I donno but you don't don't plan on stocking any 'jumpers' a open tank would be nice with plants growing out of it, maybe get some Mangroves when you're out and about in the waters in FL and have a normal but nice fluorescent fixture hanging off your ceiling with fish bulbs in them (such as life glo). I can't offer you pictures of my open tank just this second, but will go digging for some tonight. Just a thought thou...


----------



## molliefan09 (Sep 21, 2009)

hmm.....open tank sounds nice.....i just always worry...i have a bird that like to fly around and heaven forbid he decides to go swimming:shock:


----------



## willow (Sep 9, 2006)

my cichlids are very good were the plants are concerned,
i have giant Vallis and they don't bother them at all.

what birdie have you got ?


----------



## molliefan09 (Sep 21, 2009)

a sucicidal cockateil


----------



## willow (Sep 9, 2006)

aww.......cute.........until they bite you. :-D


----------



## molliefan09 (Sep 21, 2009)

yeah....i have had him since april and he is 14 years old. He is a feather plucker and the previous owner wasnt able to treat him....he is not a hand friendly bird AT ALL!! however, he does enjoy whislting with you and will let you pet him while he whistles.....


----------



## willow (Sep 9, 2006)

aww,are his feathers growing back,or is he too into plucking now ?


----------



## molliefan09 (Sep 21, 2009)

well, he only does it under his wings so it is not visible unless he spreads his wings. and yes.....he still does it. he had an elizabethian collar on for about 8 weeks and it healed up nicely....but hes back to his old habits....


----------



## willow (Sep 9, 2006)

i hope he gets better. 
x


----------



## Angel079 (Feb 14, 2007)

As for the fish-bird combo, I don't see a prob there, just leave the net you have right now over top the tank (maybe cut SMALL wholes for stem plants in it if you chose to go that way (eg. Golden Pothos is easily found in the home store plant section and is beautiful for these open tanks).

For the birdy...One of ours once start this habit and we had some spray that you'd mist him with every day or so and that help for good with him. So I hope yours gets well soon too.


----------



## molliefan09 (Sep 21, 2009)

ive tried everything with that bird.......hes just a head case lol.....hes happy so i just let him be.


----------



## Angel079 (Feb 14, 2007)

You mean he needs someone with a nice soft couch to meet & talk to once a week?


----------



## molliefan09 (Sep 21, 2009)

lol


----------



## fish999 (Nov 11, 2009)

Molliefan09, if you get play sand it will be yellowish. Their is another type of sand that is light grey/whitish which you can also get at home depot or lowes... its mortar sand, it comes in 3 grades (fine, medium, and coarse). It's usually close to the mortar mix and etc. yes it's clean sand no concrete or additives, though you will need to wash it. i bought a 50lb bag for about $7...
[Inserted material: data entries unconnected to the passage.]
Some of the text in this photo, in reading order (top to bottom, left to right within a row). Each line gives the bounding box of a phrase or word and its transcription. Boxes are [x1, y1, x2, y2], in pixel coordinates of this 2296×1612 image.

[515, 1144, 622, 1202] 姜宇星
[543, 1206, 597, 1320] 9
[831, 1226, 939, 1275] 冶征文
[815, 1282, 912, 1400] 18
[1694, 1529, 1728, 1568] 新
by the way those tank pics are beautiful. I like the plant arrangements.


----------



## Byron (Mar 7, 2009)

Interesting, the "play sand" available at Home Depot in Canada is very dark gray. It resembles the sand of the Rio ***** in SA co-incidentally.
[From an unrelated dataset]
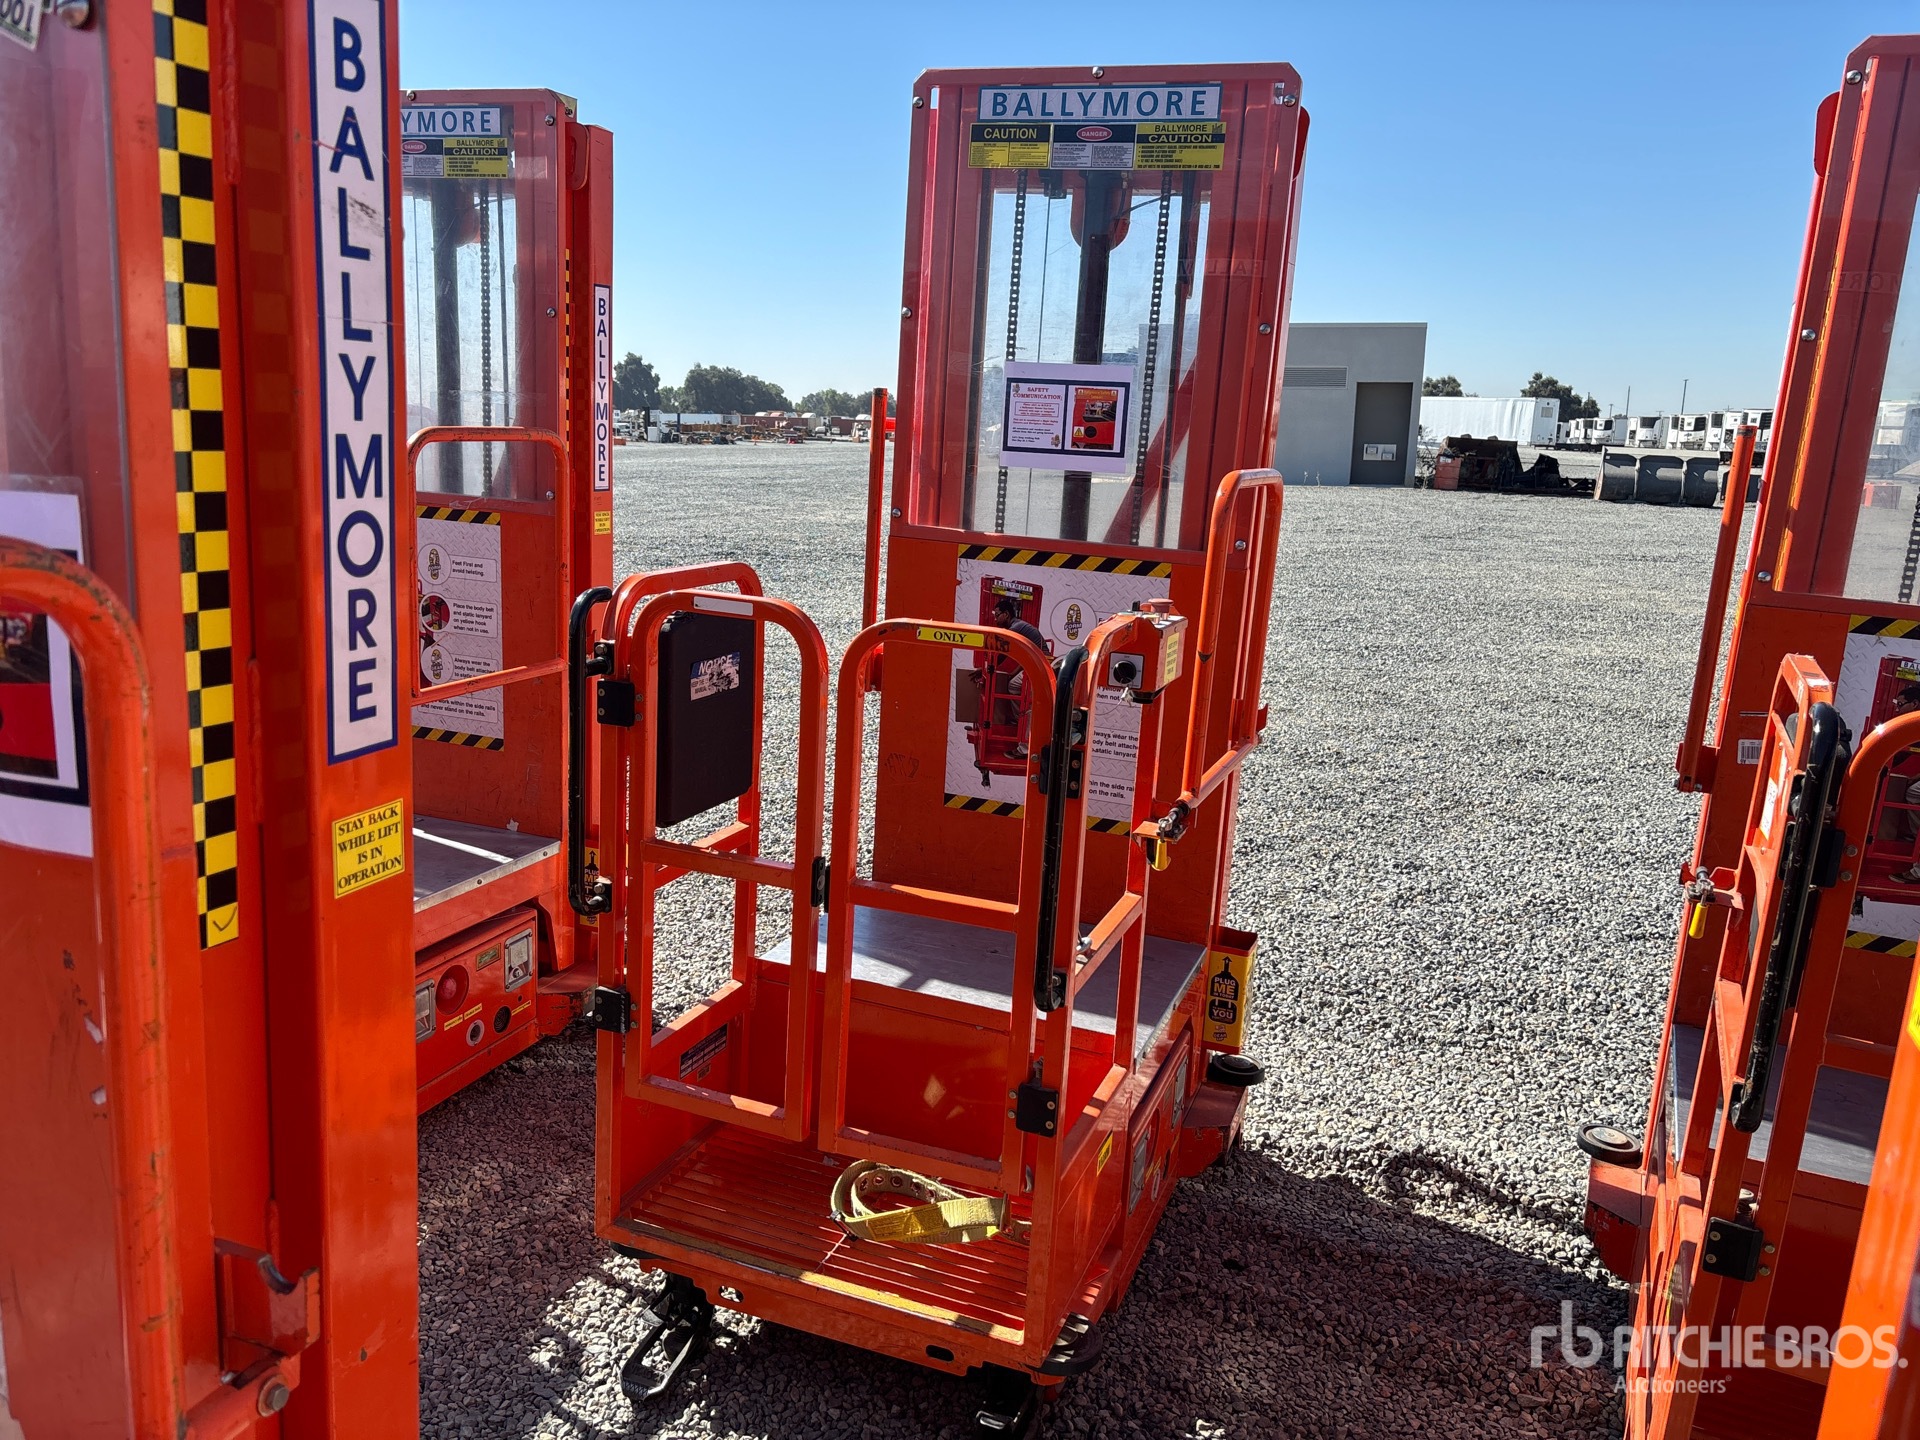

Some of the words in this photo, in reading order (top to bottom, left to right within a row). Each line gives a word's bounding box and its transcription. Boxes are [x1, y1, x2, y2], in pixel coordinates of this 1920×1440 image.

Personally, I would not go with a light/whitish sand, it reflects light and this distracts from the tank and there are issues with the fish. The darker and more neutral the substrate the better.

B.


----------



## 1077 (Apr 16, 2008)

I agree with Byron. I have kept fish over many different colored substrates and fish will nearly always present better colors and be more comfortable over darker substrates. White or light colored substrates may be pleasing to our eyes,but it is in my view ,unnatural for the fish and some species,will not venture out at all unless they feel secure in their surroundings.


----------



## Angel079 (Feb 14, 2007)

Just for thoughts...here's 2 pictures with dark ground, one is my newly set up 10g (to house shrimp one day) with black sand and the other the Ex Killi tank with fine dark brown gravel.


----------



## molliefan09 (Sep 21, 2009)

darn it!!!! i just went and bout 100 pounds of the regular old white play sand  well i guess i will go back to home depot tomorrow and change it out....


----------



## Angel079 (Feb 14, 2007)

Why? If YOU like it, do it, its your tank not ours...could look something like the Cray's tank here that was playsand too


----------



## molliefan09 (Sep 21, 2009)

well, i just want my fish to be happy. i suppose i could give it a go and see how it goes


----------



## fish999 (Nov 11, 2009)

Went out yesterday and got 1/4 yard of "washed bedding pea gravel" which is 3/8(-) river gravel mixed with sand. It is dark brown, dark red, grey, and a little dark grey mixed when it is wet. I plan to screen it down to 1/8 - 1/4. Amazing what you can find if you look around. The little tiny 1/4 pumice bits are really cool looking.


----------



## Angel079 (Feb 14, 2007)

All of y'all remodeling tanks...you realize this needs PICTURES afterward right!?!?!?!


----------



## Byron (Mar 7, 2009)

molliefan09 said:


> well, i just want my fish to be happy. i suppose i could give it a go and see how it goes


It is not all that easy to change substrate afterwards. And yes, relaxed fish means healthier fish and more natural colours and behaviours. I know we all may want an aquarium to look like this or that, but we forget that the prime purpose is to house living creatures--fish that have evolved over thousands of years to specific environments. I am a firm believer in providing fish in an aquarium with an environment that is as close as reasonably possible to their natural habitat. This assures more probable good health and less disease if fish are not stressed out by bright substrates, unstable water, no hiding places when they need them, etc.

Byron.


----------



## molliefan09 (Sep 21, 2009)

i know changing out the substrate can be a real pain as i did this in my 20 gallon. i think im just going to return the playsand and get something a little darker. 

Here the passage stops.